On February 1, residents age 75 and older became eligible for the vaccine, and Baker said that the state has “seen significant progress over the past two weeks to get shots in arms to that community.”
Last week, 285,000 total doses were administered, and more than 251,000 residents have received their first dose of the vaccine, Baker said, which is “over half of the statewide population in this group” and “exceeds the national average for this group.” In total, more than 1.1 million doses have been administered statewide.
“We now rank number nine in the country for first dose vaccinations per capita,” Baker said, adding that the state ranks number one nationwide “for total shots administered per capita among the 24 states that have more than five million people.”
Baker said that there are “hundreds of sites across the state” that are able to administer the vaccine, and that 95 percent of the state’s population “lives within a 45 minute drive of a mass vaccination site” or within a 30 minute drive of a high volume regional provider.
“We’ve also made improvements to the booking process by developing new tools on our website and opening a call center to assist residents who can’t book appointments online,” Baker said.
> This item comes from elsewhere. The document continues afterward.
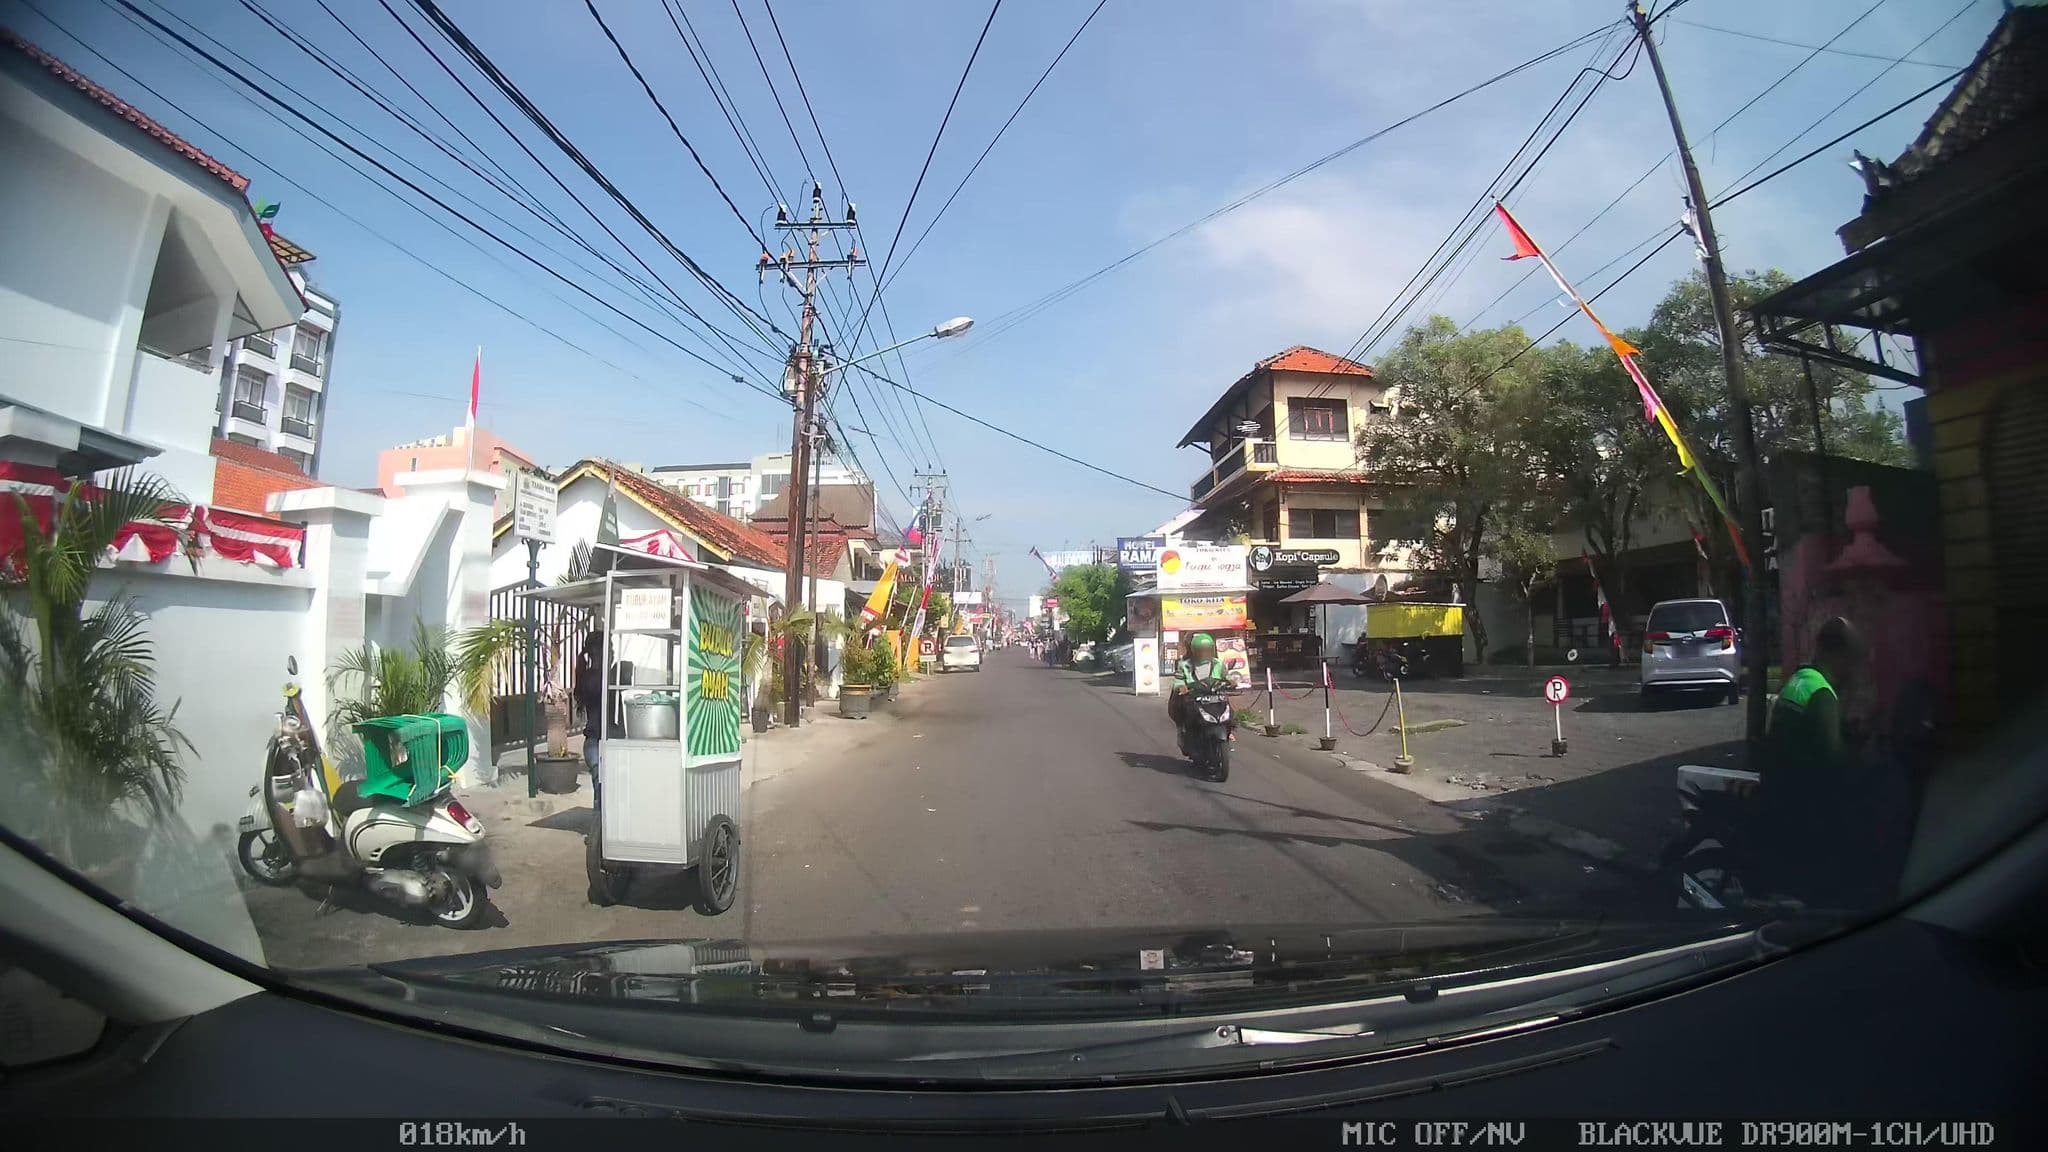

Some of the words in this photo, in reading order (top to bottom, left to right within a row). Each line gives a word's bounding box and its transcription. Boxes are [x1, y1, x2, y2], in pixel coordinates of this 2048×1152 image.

Beginning February 18, those 65 and older and those with two or more medical conditions outline by the state can book an appointment for their first vaccine at mass.gov/covidvaccine.
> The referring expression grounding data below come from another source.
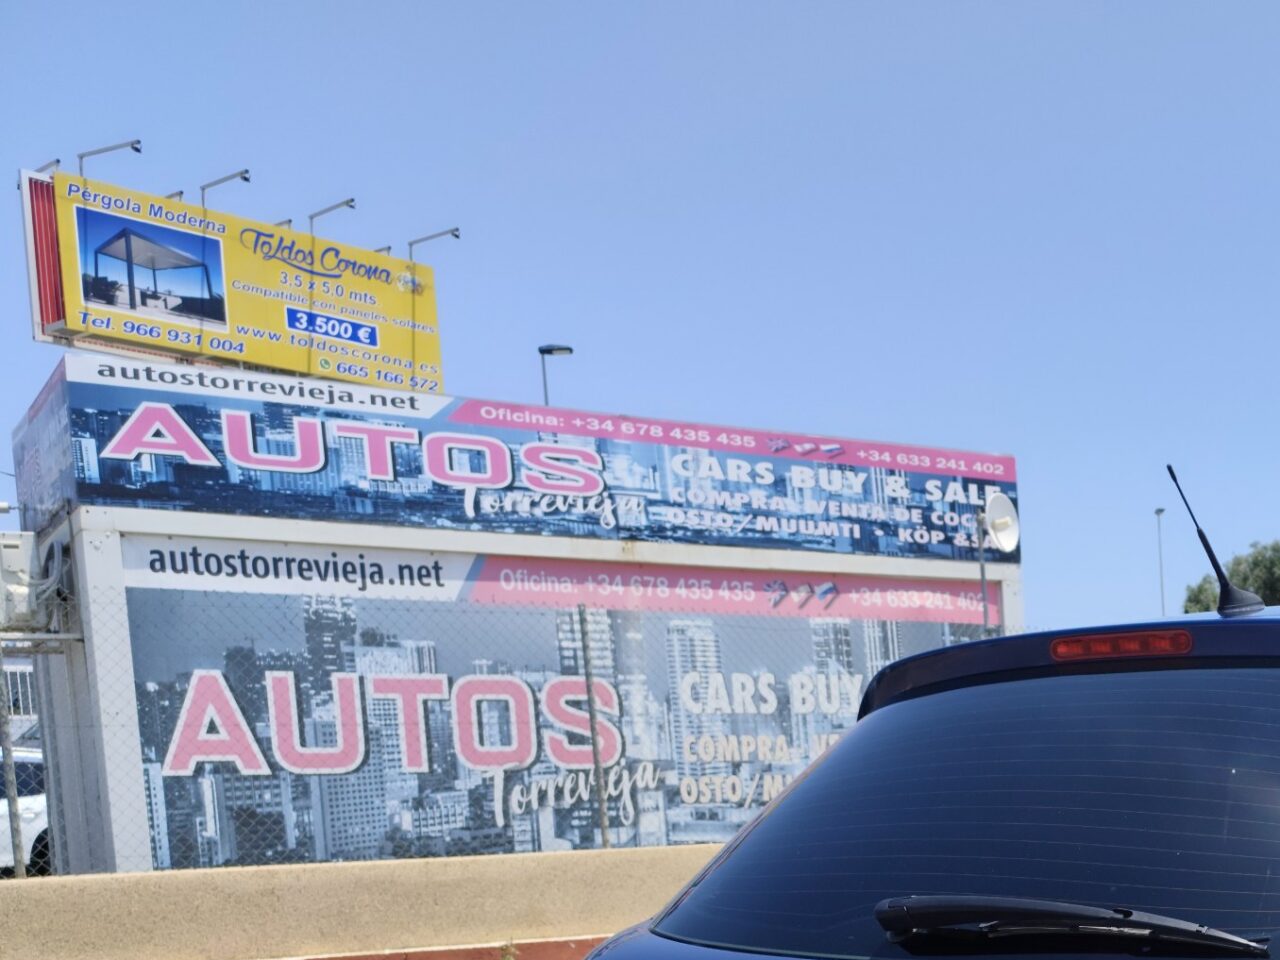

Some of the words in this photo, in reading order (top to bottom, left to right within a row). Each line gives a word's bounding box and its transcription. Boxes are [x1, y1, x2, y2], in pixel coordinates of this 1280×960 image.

[67, 183, 141, 213] Pérgola
[148, 203, 226, 234] Moderna
[240, 228, 316, 272] Toldos
[320, 247, 392, 284] Corona
[231, 279, 308, 305] Compatible
[312, 301, 336, 312] con
[340, 306, 388, 324] paneles
[392, 316, 435, 334] solares
[307, 281, 315, 291] x
[79, 311, 116, 330] Tel.
[123, 320, 161, 338] 966
[167, 329, 203, 346] 931
[209, 337, 245, 354] 004
[295, 312, 352, 339] 3.500
[357, 327, 371, 343] €
[98, 361, 421, 411] autostorrevieja.net
[336, 361, 369, 379] 665
[375, 368, 404, 385] 166
[409, 376, 439, 392] 572
[100, 401, 604, 495] AUTOS
[480, 406, 565, 428] Oficina:
[572, 417, 614, 433] +34
[620, 422, 663, 438] 678
[669, 426, 711, 443] 435
[716, 431, 756, 448] 435
[671, 453, 776, 485] CARS
[790, 465, 868, 495] BUY
[885, 476, 911, 499] &
[856, 449, 892, 463] +34
[896, 453, 931, 468] 633
[936, 457, 969, 471] 241
[972, 461, 1005, 475] 402
[896, 507, 923, 524] DE
[898, 525, 945, 545] KÖP
[149, 547, 446, 592] autostorrevieja.net
[500, 569, 578, 593] Oficina:
[584, 574, 624, 596] +34
[629, 575, 670, 598] 678
[675, 578, 713, 600] 435
[718, 580, 756, 602] 435
[849, 587, 883, 607] +34
[887, 589, 921, 609] 633
[924, 591, 954, 610] 241
[680, 672, 778, 715] CARS
[789, 672, 863, 715] BUY
[162, 669, 624, 776] AUTOS
[683, 734, 792, 764] COMPRA
[480, 760, 662, 828] Torreveja
[680, 773, 798, 810] OSTO/M
Baker said that new appointments will be available on Thursday morning beginning at around 8 a.m.
“There’s no reason to stay up all night,” he said, harkening back to the rush that hit the state system when vaccination was opened up to those 75 and older.
However, Baker stressed that getting an appointment might not happen immediately for all those who are eligible because the state is limited by how much vaccine it receives from the federal government.
“These two groups that we’re now opening up the vaccination process to represents approximately a million people,” “It’s important to remember that the federal government only sends states a small amount of vaccine every week.”
He said that for the past few weeks, Massachusetts has received approximately 110,000 first doses per week.
“Unless we see a massive increase in shipments from the feds, it will take us at least a month for people in these new groups to be able to book their first vaccine appointment,” Baker said.
“We all remain hopeful that those numbers will increase from the federal government as we go forward, but it’s important for people to understand that at this point in time, it’s about 110,000 new doses a week for first doses, and we now have a group that represents somewhere around a million people that’s going to be joining the ranks of those who are eligible.”
Baker said that the state continues to build out capacity at vaccination sites so “if and when” the supply increases, they will be prepared to vaccinate as many people as possible.
“There’s going to be vaccine eventually for everyone, and everyone will get an appointment,” he said. “It’s just going to take a little while.”